- [What you need to do] Look below for the line containing "this 2212×1659 image.", then write out that line and every line after it to the end, exactly, minus the pictures.

- [Exercise inputs]

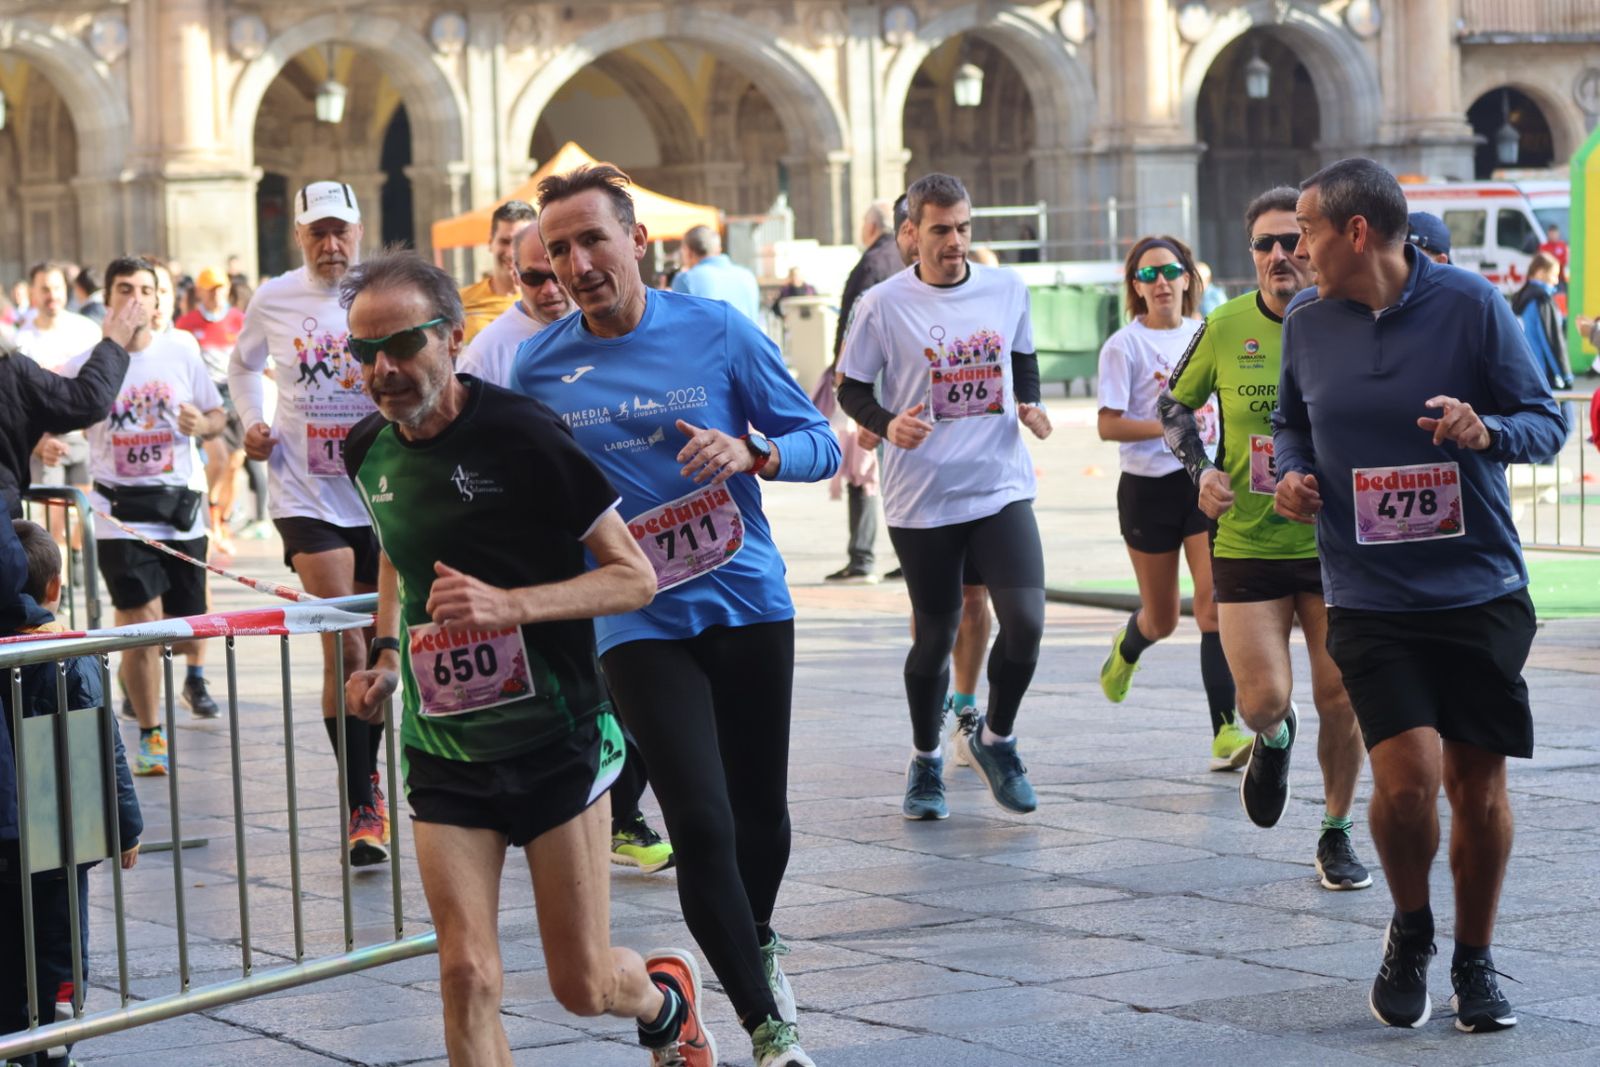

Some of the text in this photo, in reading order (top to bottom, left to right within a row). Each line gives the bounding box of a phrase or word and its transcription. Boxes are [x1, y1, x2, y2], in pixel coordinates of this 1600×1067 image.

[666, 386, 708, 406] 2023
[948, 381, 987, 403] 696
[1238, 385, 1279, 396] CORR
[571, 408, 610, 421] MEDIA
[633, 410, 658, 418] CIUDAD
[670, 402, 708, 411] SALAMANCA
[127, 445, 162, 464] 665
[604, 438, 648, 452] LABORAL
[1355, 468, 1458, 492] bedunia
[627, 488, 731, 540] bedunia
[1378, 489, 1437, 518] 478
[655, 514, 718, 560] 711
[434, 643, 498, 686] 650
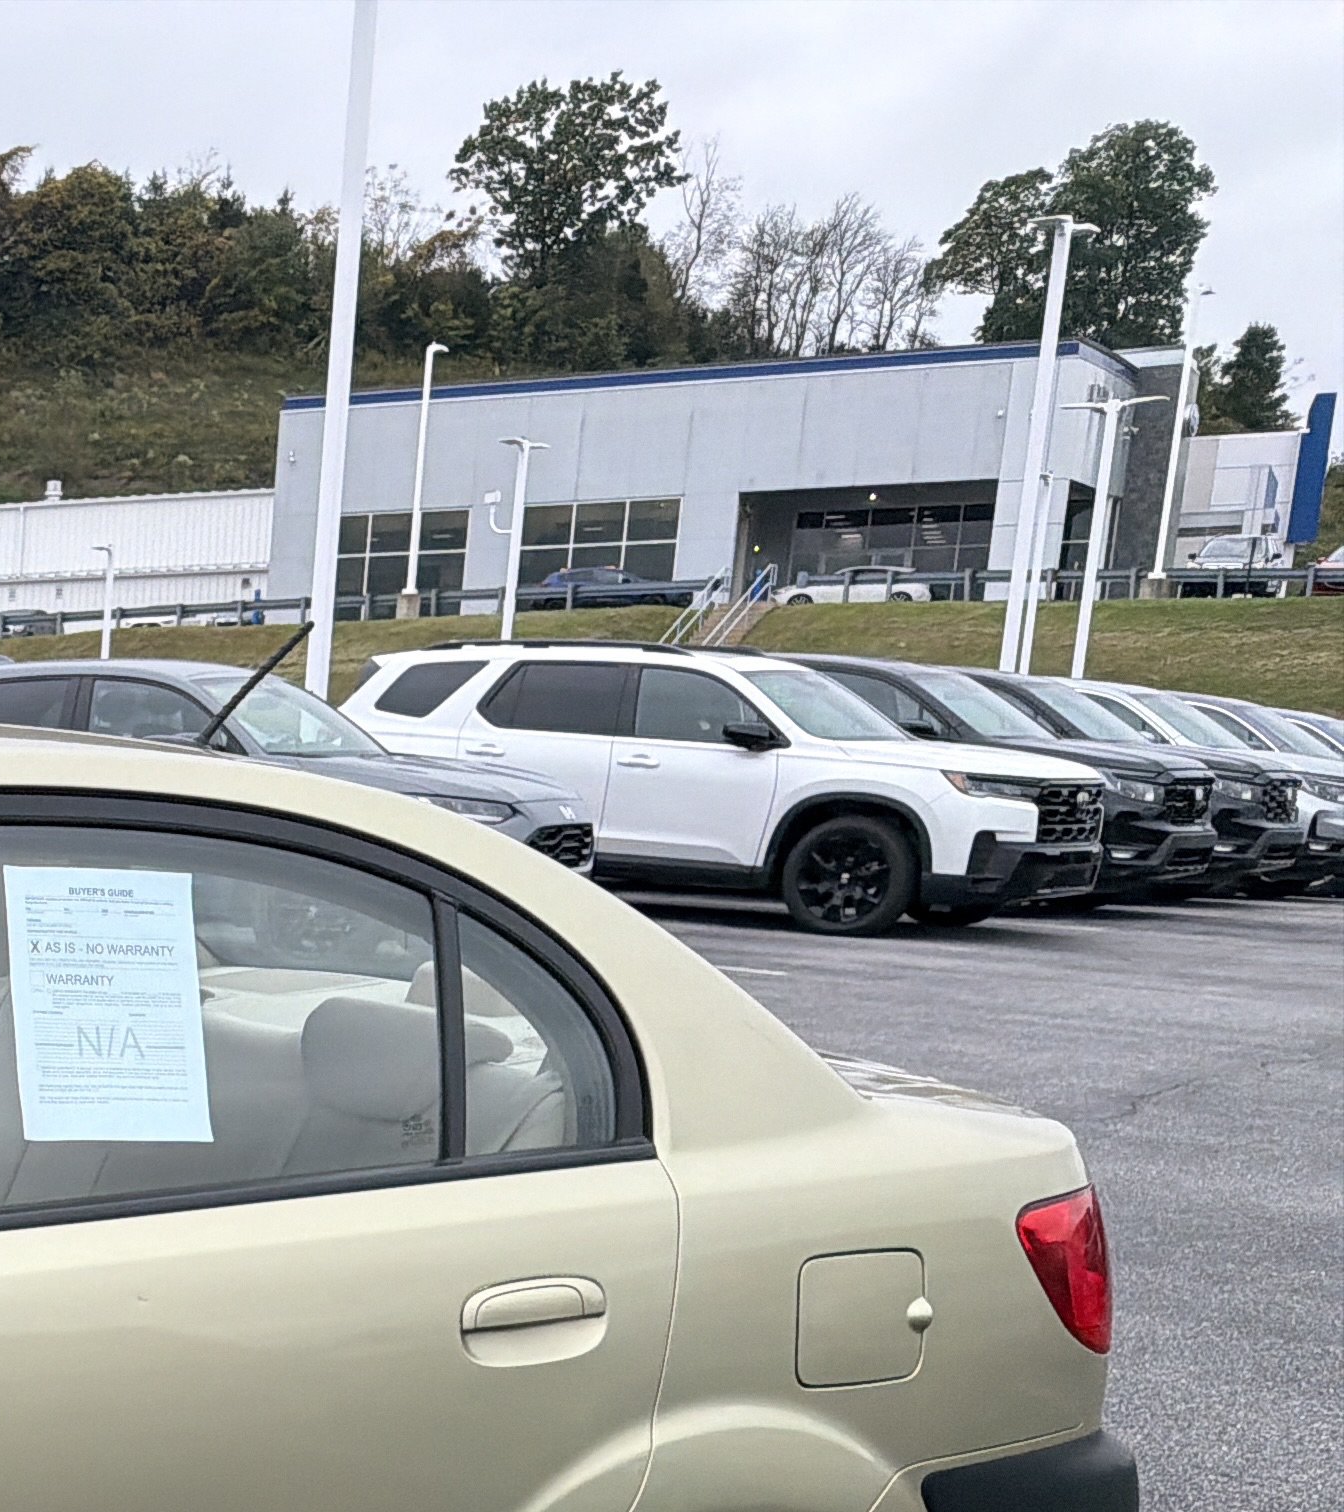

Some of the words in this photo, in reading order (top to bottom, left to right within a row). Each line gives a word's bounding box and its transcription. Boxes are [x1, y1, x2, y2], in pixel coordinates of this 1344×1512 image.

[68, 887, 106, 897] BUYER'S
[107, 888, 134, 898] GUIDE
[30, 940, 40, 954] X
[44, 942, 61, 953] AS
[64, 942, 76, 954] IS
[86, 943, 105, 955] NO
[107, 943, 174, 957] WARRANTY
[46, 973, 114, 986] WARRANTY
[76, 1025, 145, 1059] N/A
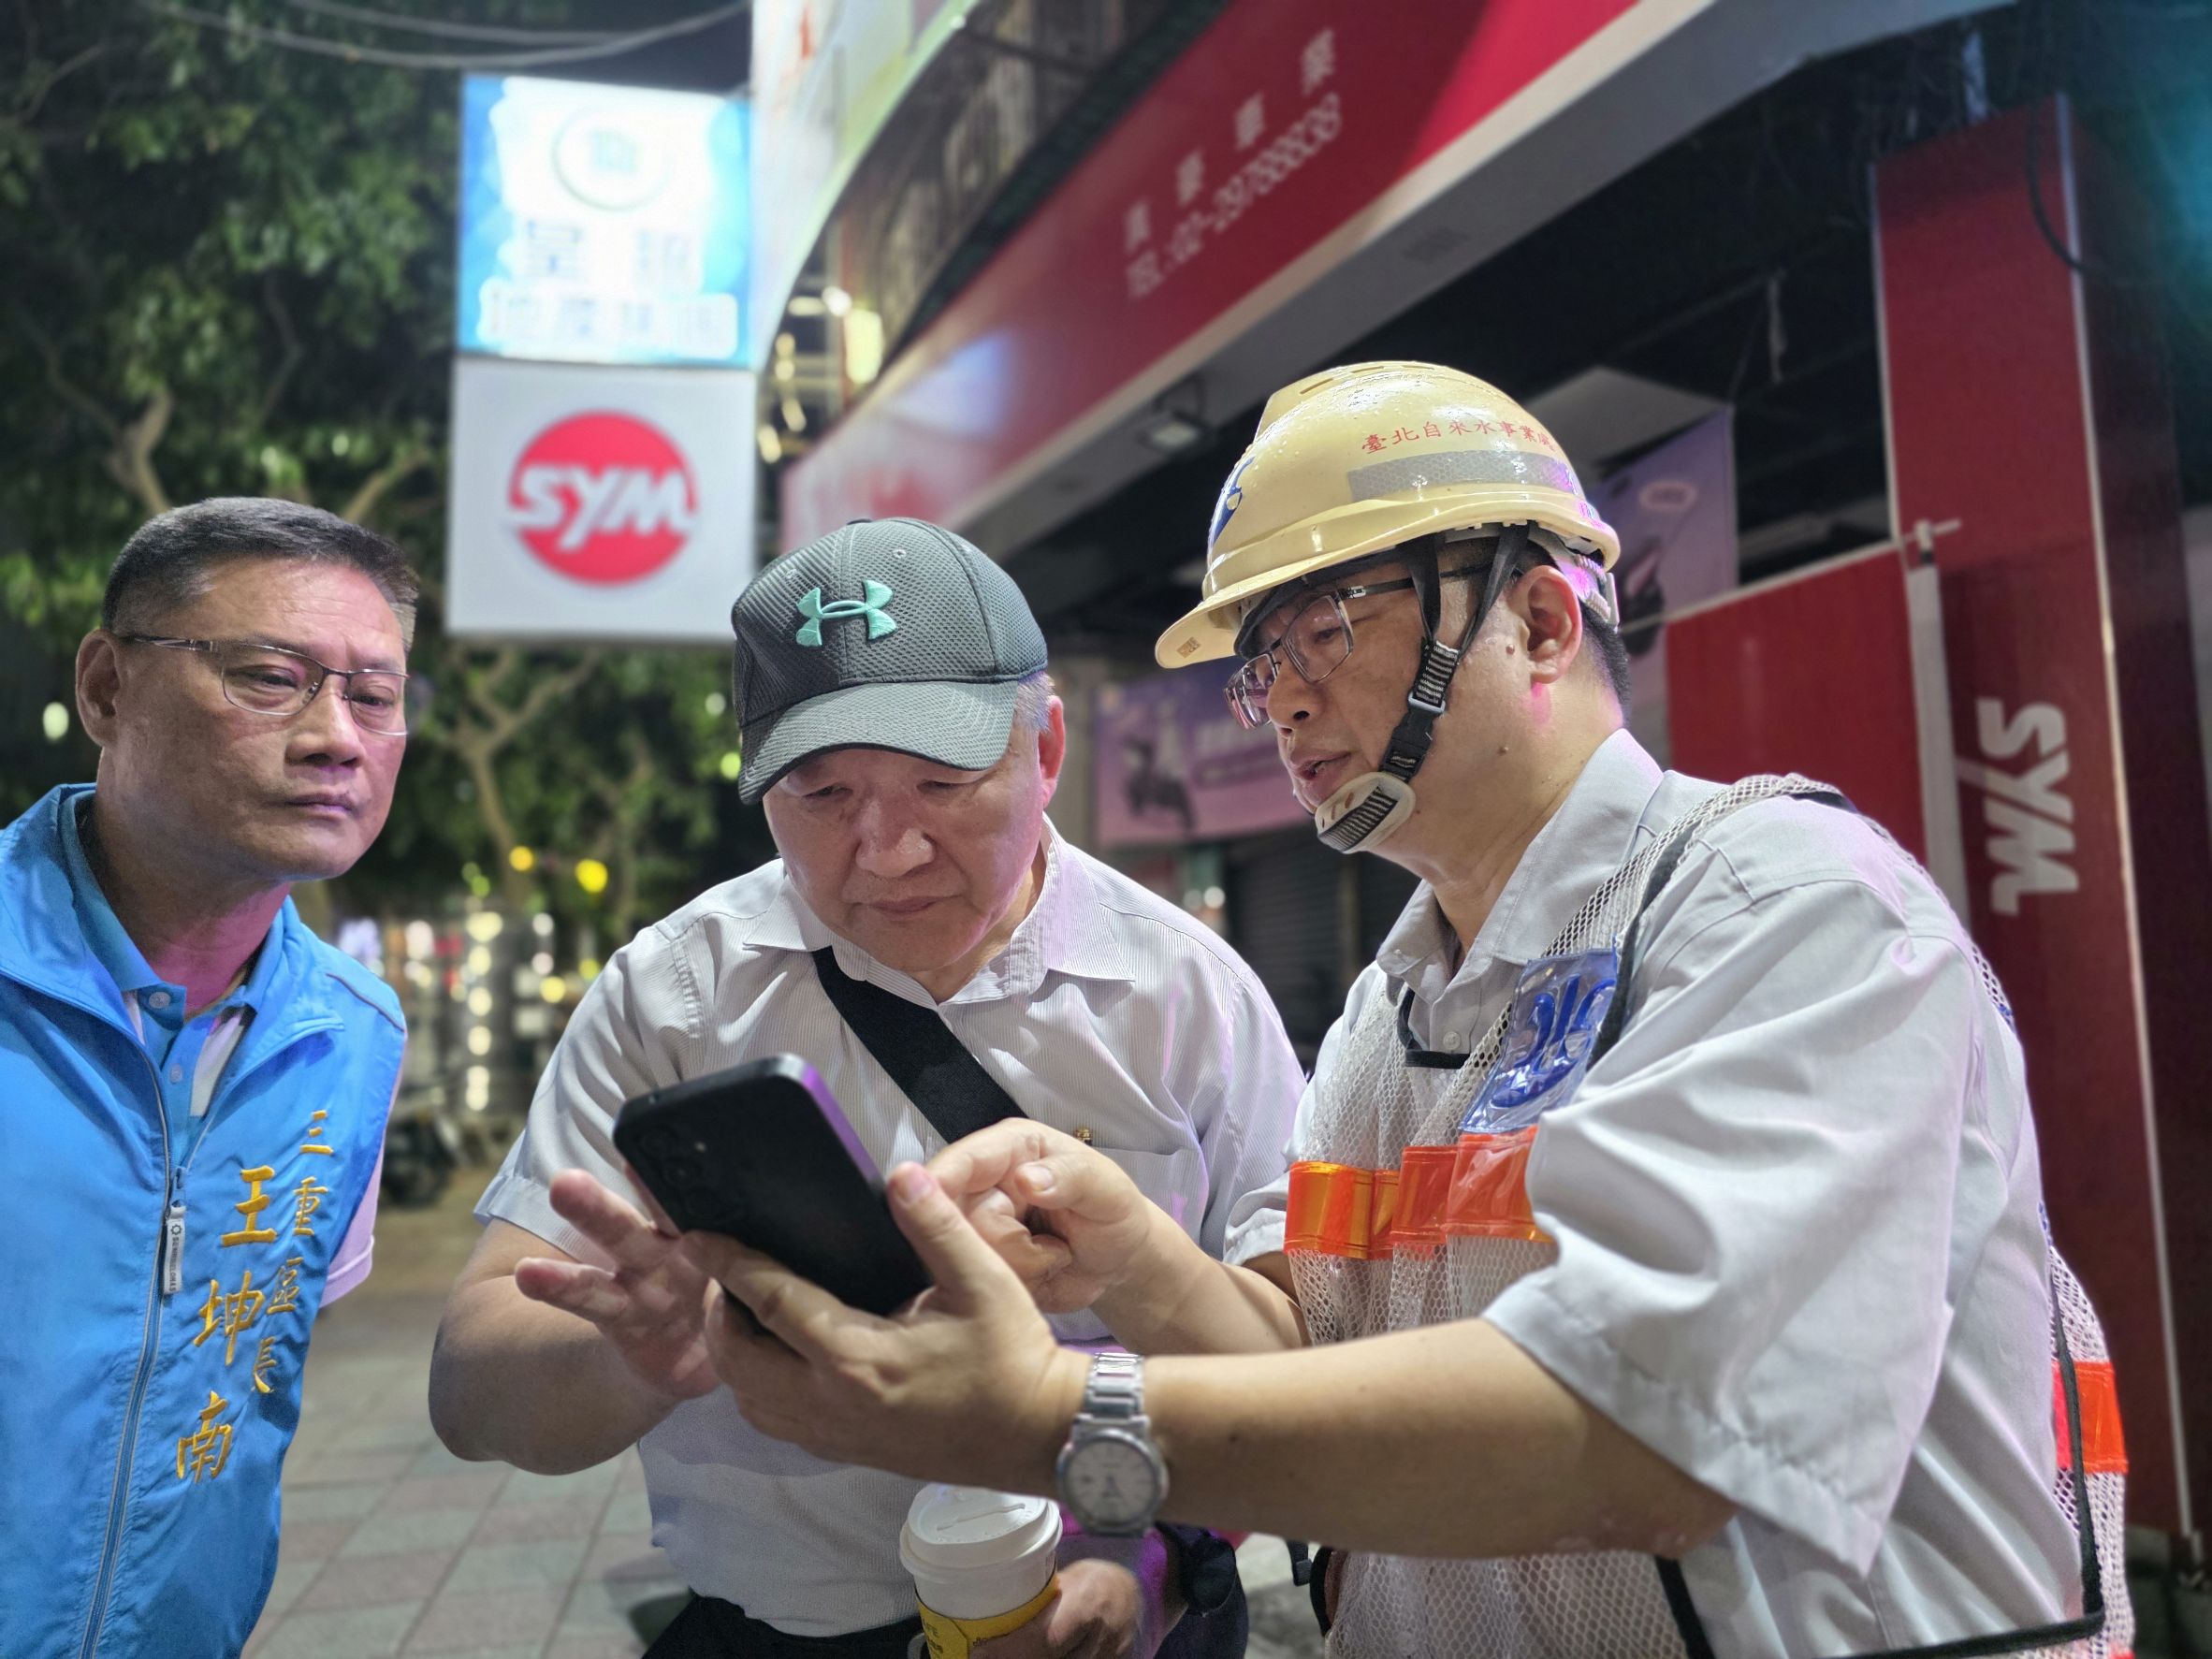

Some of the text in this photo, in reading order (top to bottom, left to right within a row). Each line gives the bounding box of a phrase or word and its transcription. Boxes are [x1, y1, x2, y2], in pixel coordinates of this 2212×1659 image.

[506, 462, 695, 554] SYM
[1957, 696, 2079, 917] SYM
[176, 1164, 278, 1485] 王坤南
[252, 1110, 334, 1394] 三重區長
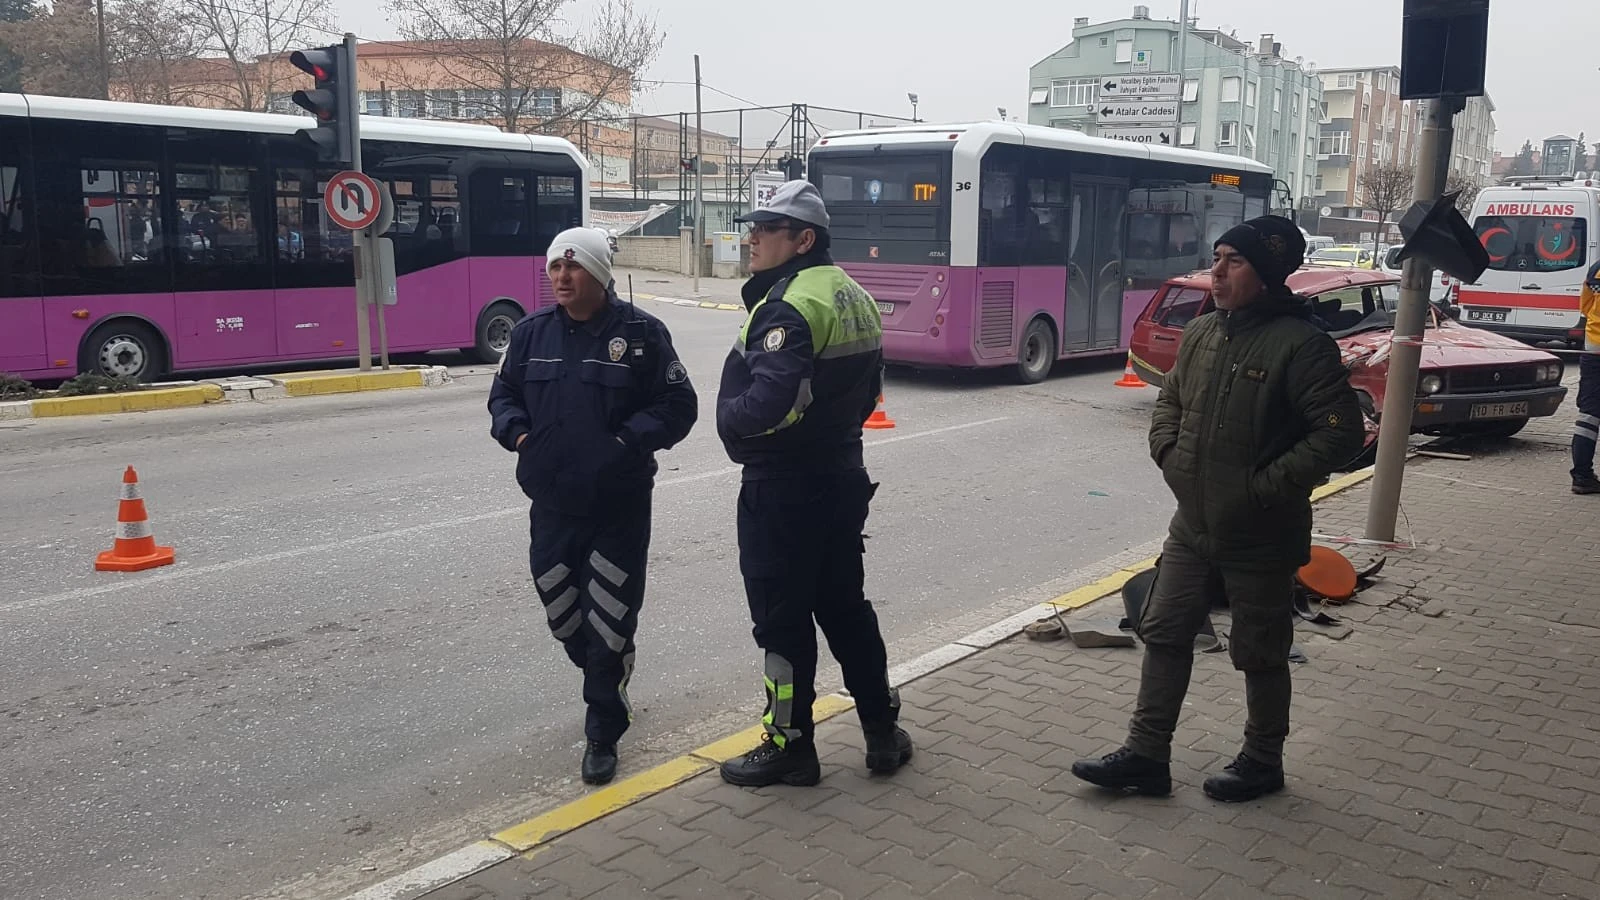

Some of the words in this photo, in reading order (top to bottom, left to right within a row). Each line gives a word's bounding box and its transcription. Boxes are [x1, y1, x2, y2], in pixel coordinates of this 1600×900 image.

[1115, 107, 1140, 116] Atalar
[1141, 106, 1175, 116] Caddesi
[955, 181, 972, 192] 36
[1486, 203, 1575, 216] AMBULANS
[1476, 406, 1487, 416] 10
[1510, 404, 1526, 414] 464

- [Your response]
Some of the text in this photo, in reading order (top to bottom, left to right within a row). Each line gives the bounding box of a phrase or word and its transcription. Boxes are [x1, y1, x2, y2], in pixel coordinates of this 2212×1659 image.

[506, 462, 695, 554] SYM
[1957, 696, 2079, 917] SYM
[176, 1164, 278, 1485] 王坤南
[252, 1110, 334, 1394] 三重區長

Some of the words in this photo, in reading order (top to bottom, left to right within a row). Each line gives a word's bounding box and its transcription. Boxes are [x1, y1, x2, y2], in pixel coordinates of this 1600×900 image.

[1115, 107, 1140, 116] Atalar
[1141, 106, 1175, 116] Caddesi
[955, 181, 972, 192] 36
[1486, 203, 1575, 216] AMBULANS
[1476, 406, 1487, 416] 10
[1510, 404, 1526, 414] 464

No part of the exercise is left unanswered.